イノブタのハムやベーコン、ソーセージなどの加工品

イノブタの加工品など商品をアピールする玉城吉夫代表(右から2人目)、玉城リサさん(同3人目)=12月16日、浦添市牧港・まちなと一丁目

イノブタのハムやベーコン、ソーセージなどの加工品 イノブタの加工品など商品をアピールする玉城吉夫代表(右から2人目)、玉城リサさん(同3人目)=12月16日、浦添市牧港・まちなと一丁目

 玉城代表は8年前、国頭村で初めてイノブタの肉を味わった。一般の豚よりも、なめらかな口当たりを生む不飽和脂肪酸「オレイン酸」が豊富に含まれ、赤身が強く、臭みがない肉質は「牛肉に近い」という。
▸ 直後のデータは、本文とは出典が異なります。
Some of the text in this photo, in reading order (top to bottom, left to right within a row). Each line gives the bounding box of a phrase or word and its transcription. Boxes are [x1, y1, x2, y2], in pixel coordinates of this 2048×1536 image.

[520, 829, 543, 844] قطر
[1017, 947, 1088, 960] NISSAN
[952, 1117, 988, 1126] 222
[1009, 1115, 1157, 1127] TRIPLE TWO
 当時は養鶏をしていたが、同村内の飼育農家の協力を得て、イノブタ生産に切り替えた。2008年に2頭から飼育を開始。国頭村奥の牧場で自然放牧で育て、抗生物質を使わない飼料を成長段階に応じて使い分ける。12年には加工品の製造販売で国の6次産業総合計画の認定も受けた。

 イノブタは生まれてから出荷まで12~14カ月かかり、約半年で出荷される通常の豚に比べ生産性が悪い。現在、50頭以上飼育しているのは玉城代表を含め3農家にとどまる。6次産業認定後は東京などで商談会に参加したが、販売価格や条件面で折り合わなかった。玉城代表は「流通に乗せようとすると、値段を下げられてしまう。それなら自分で店をやろうと思った」。
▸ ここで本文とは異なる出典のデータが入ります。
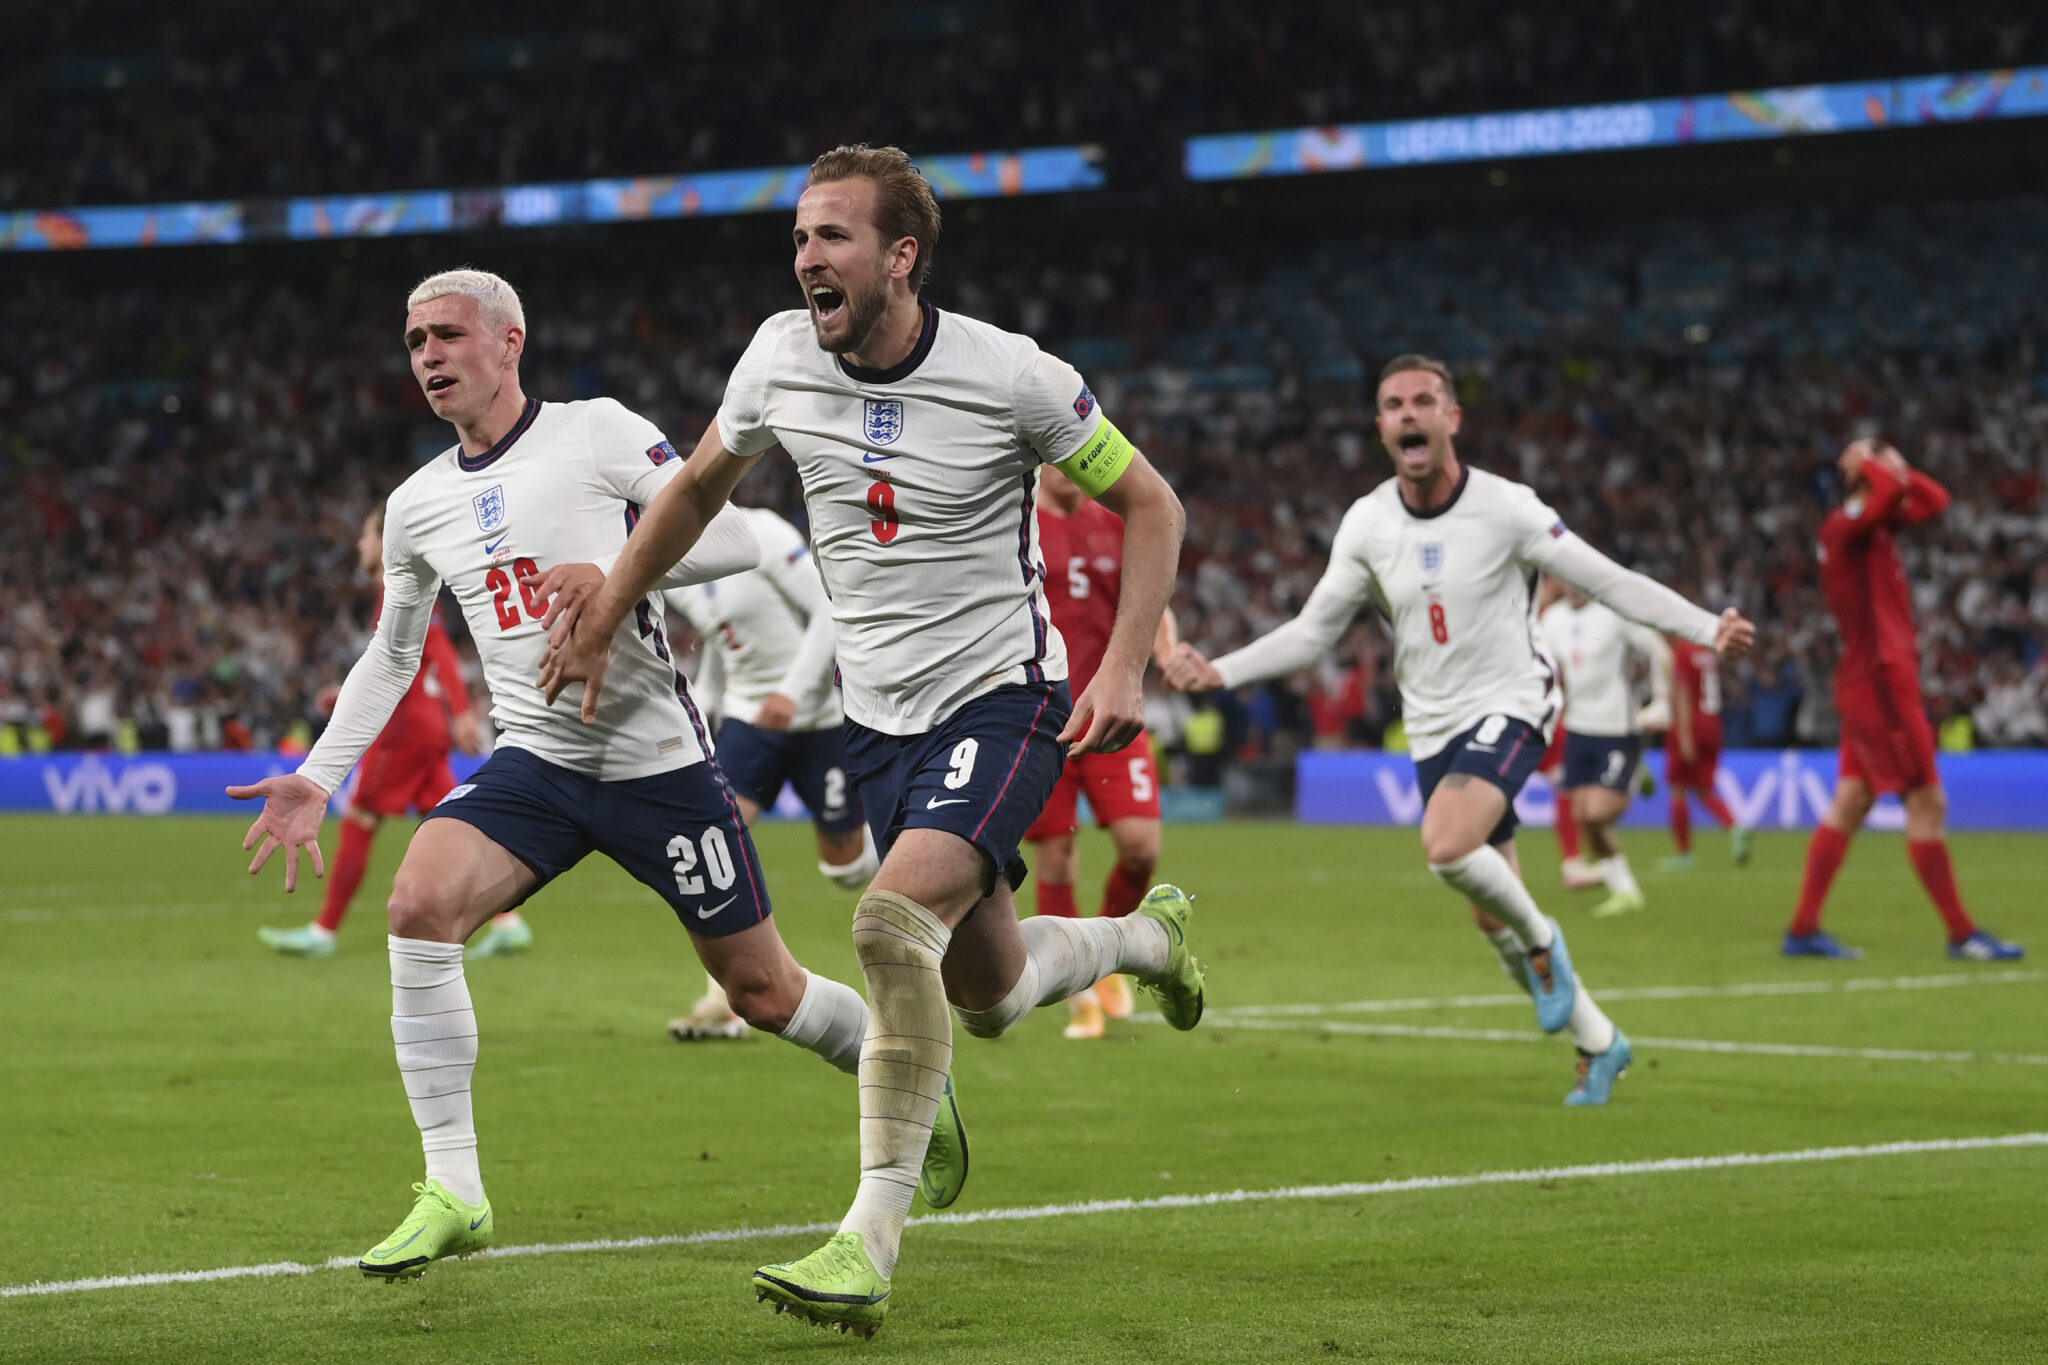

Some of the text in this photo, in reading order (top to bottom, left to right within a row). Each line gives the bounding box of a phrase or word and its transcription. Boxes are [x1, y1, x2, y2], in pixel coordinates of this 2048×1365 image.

[1386, 102, 1655, 164] UEFA EURO 2020
[1079, 438, 1108, 472] #EQUAL
[867, 481, 899, 545] 9
[485, 557, 550, 631] 20
[1068, 555, 1091, 600] 5
[1429, 603, 1449, 646] 8
[1475, 714, 1509, 746] 8
[943, 737, 979, 790] 9
[1127, 757, 1153, 803] 5
[824, 766, 847, 809] 2
[666, 826, 736, 896] 20
 店は昨年11月にオープン。ソーセージ(約200グラム500円)やハム(100グラム200円)、メンチカツ(1個150円)を販売。油はすべてイノブタのラードを使う。加工責任者は沖縄市のフランス料理店「グールトン」の元シェフの、富盛清次さん。「肉は臭みがなく、脂の質もいい。イノブタの個性を引き出したい」と腕をふるう。

 玉城代表は「育てて加工して販売する、安心・安全が売り。店の経営を安定させ、5年後には生産頭数を500頭以上にしたい」と意気込む。

 店を運営するアークベイプランニングの玉城リサさんは「イノブタのおいしさを地域の人に知ってほしい。国頭の特産物の認知度を上げ、県外にも発信したい」と話した。

 同店の電話番号は098(894)8171。